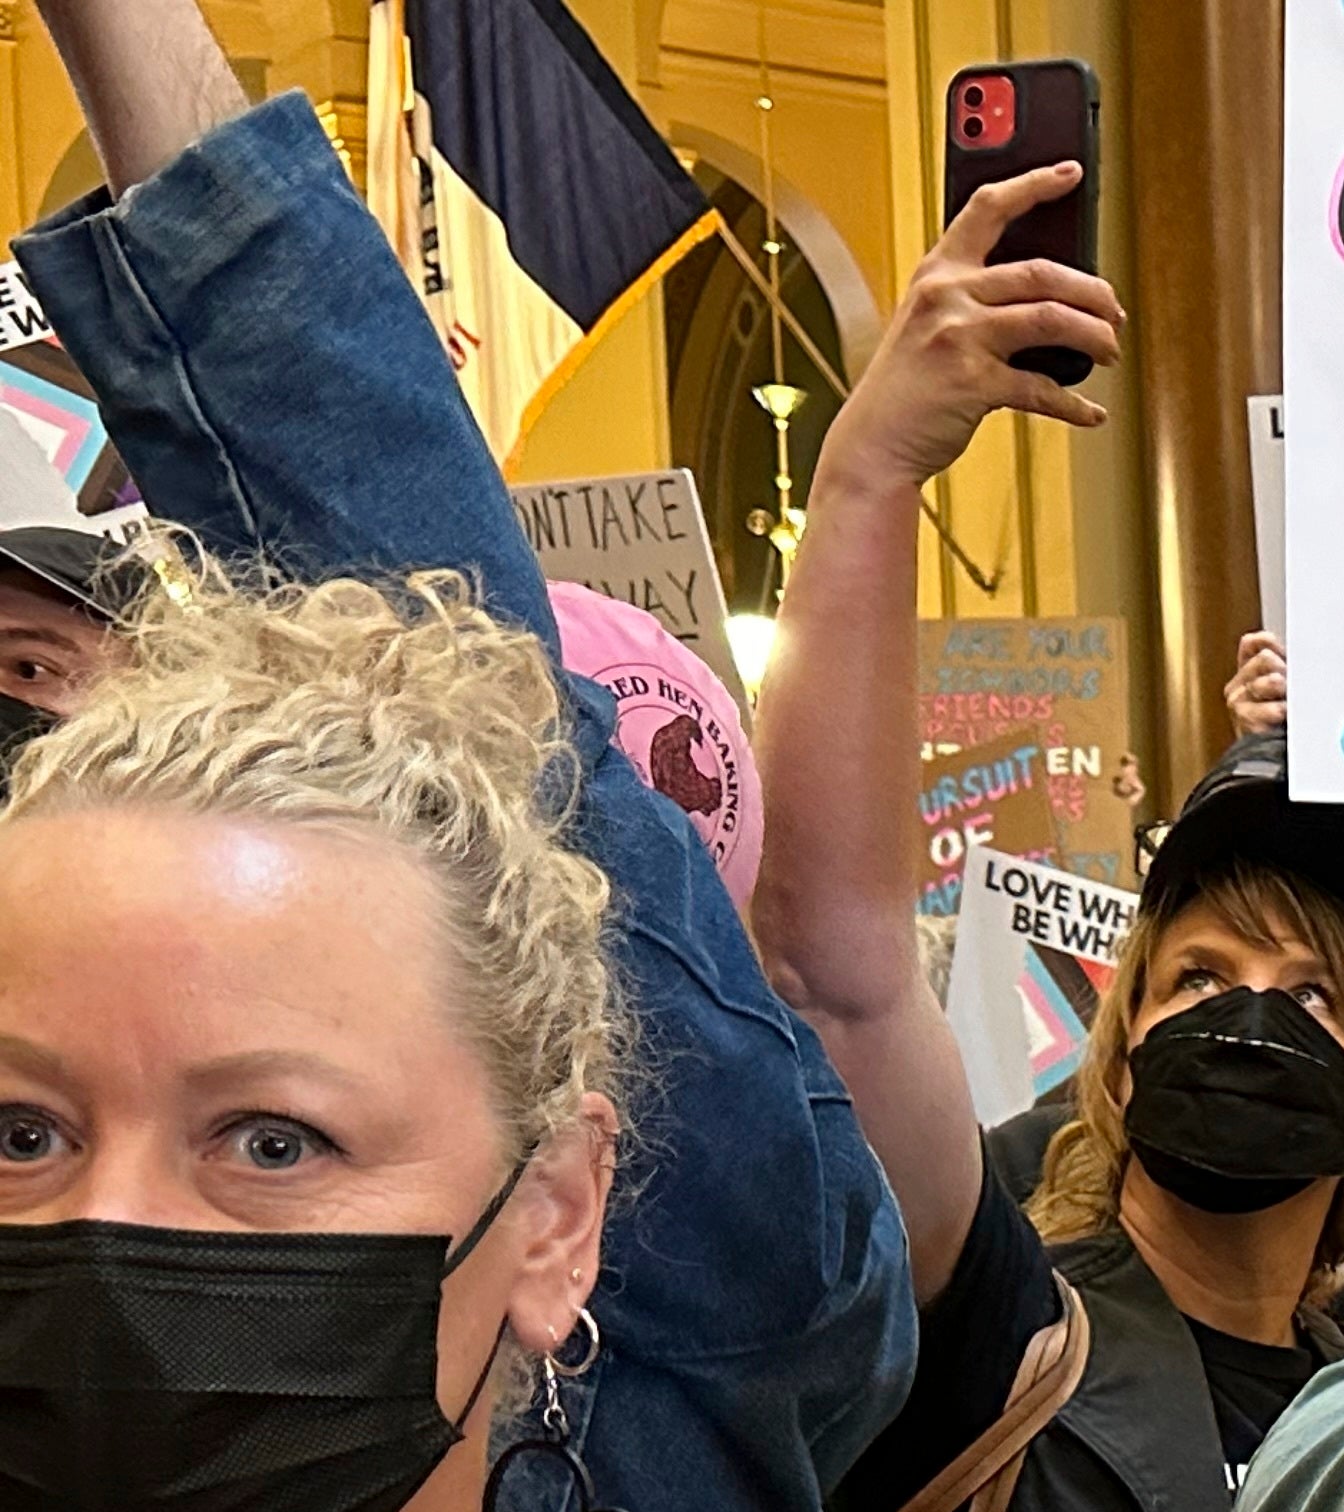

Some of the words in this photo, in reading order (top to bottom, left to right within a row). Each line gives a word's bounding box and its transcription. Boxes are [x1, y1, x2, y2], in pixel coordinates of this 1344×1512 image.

[576, 478, 686, 551] TAKE
[657, 676, 704, 721] HEN
[705, 719, 740, 834] BAKING
[918, 744, 1040, 825] URSUIT
[929, 811, 995, 867] OF
[984, 859, 1072, 913] LOVE
[1011, 902, 1052, 941] BE
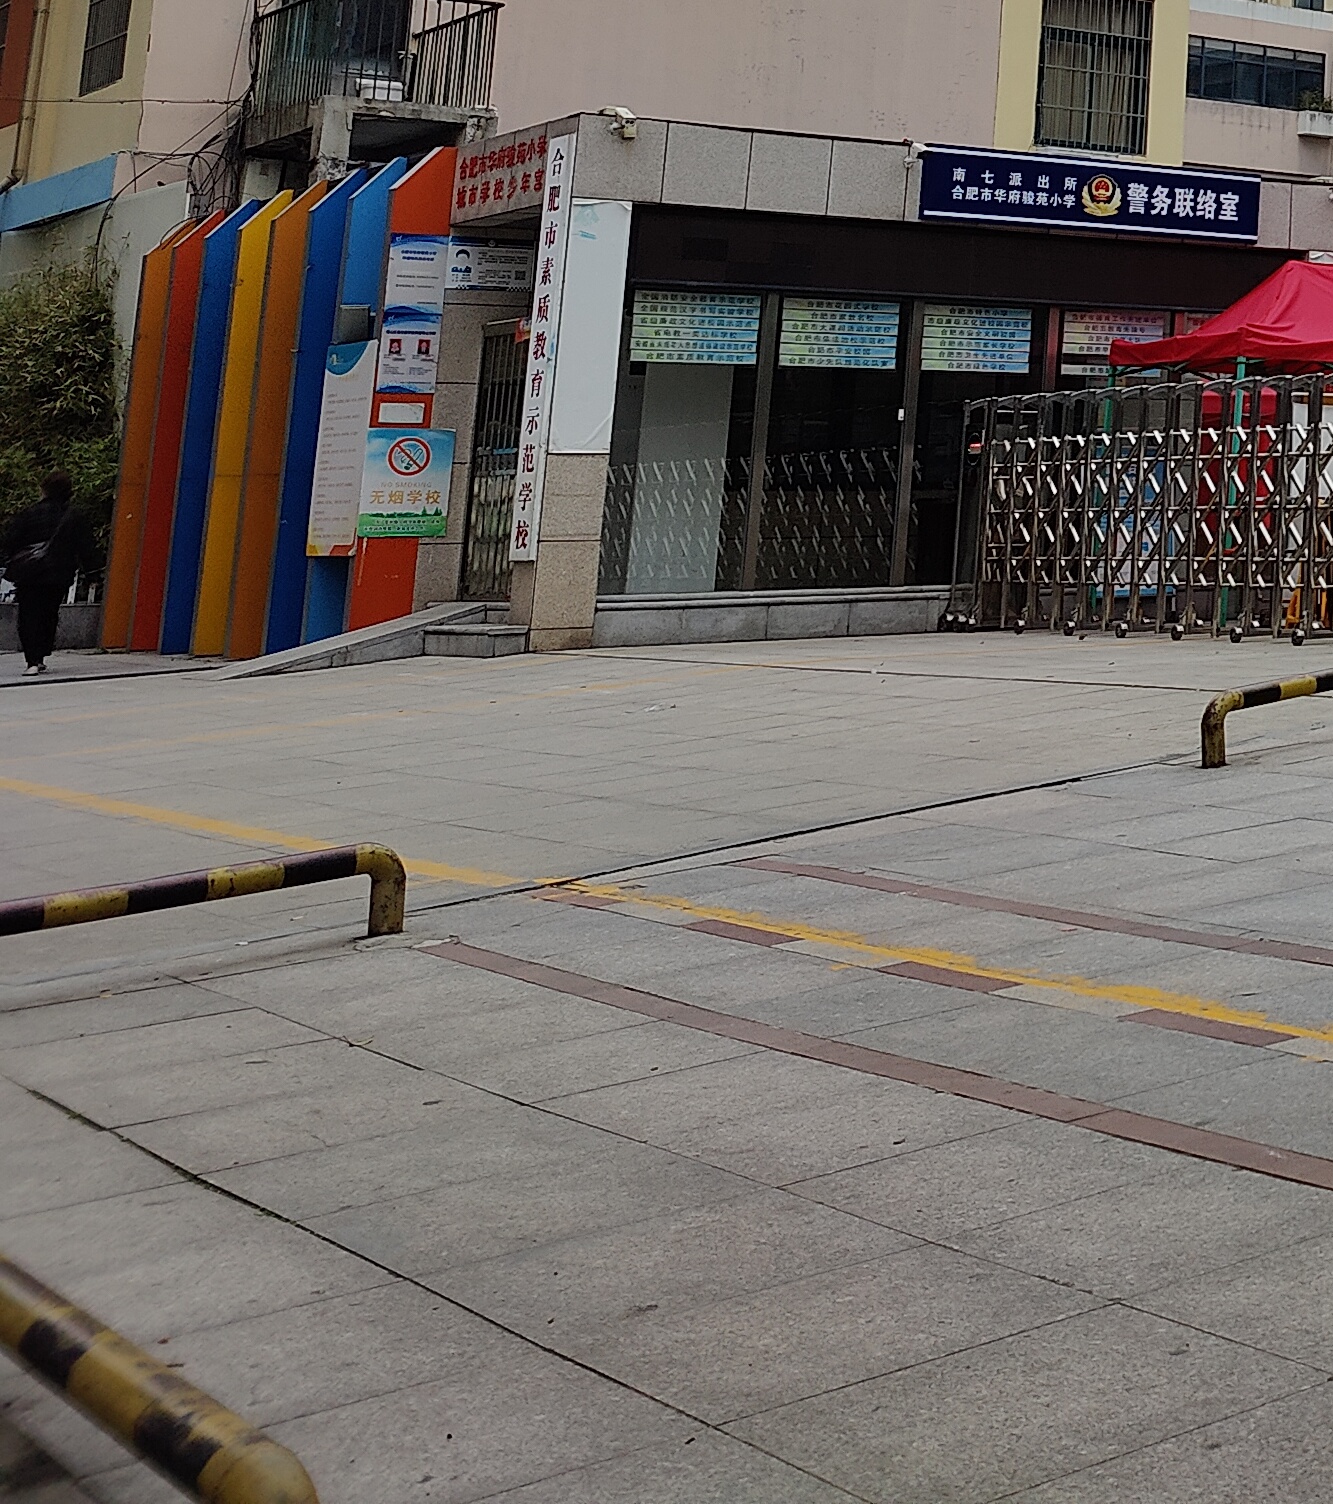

########################################

## Work required
Copy the records above exactly, omitting every picture.

## Solution to this exercise
Some of the words in this photo, in reading order (top to bottom, left to right within a row). Each line gives a word's bounding box and its transcription. Boxes are [x1, y1, x2, y2], in pixel coordinates of this 1344×1512 image.

[576, 478, 686, 551] TAKE
[657, 676, 704, 721] HEN
[705, 719, 740, 834] BAKING
[918, 744, 1040, 825] URSUIT
[929, 811, 995, 867] OF
[984, 859, 1072, 913] LOVE
[1011, 902, 1052, 941] BE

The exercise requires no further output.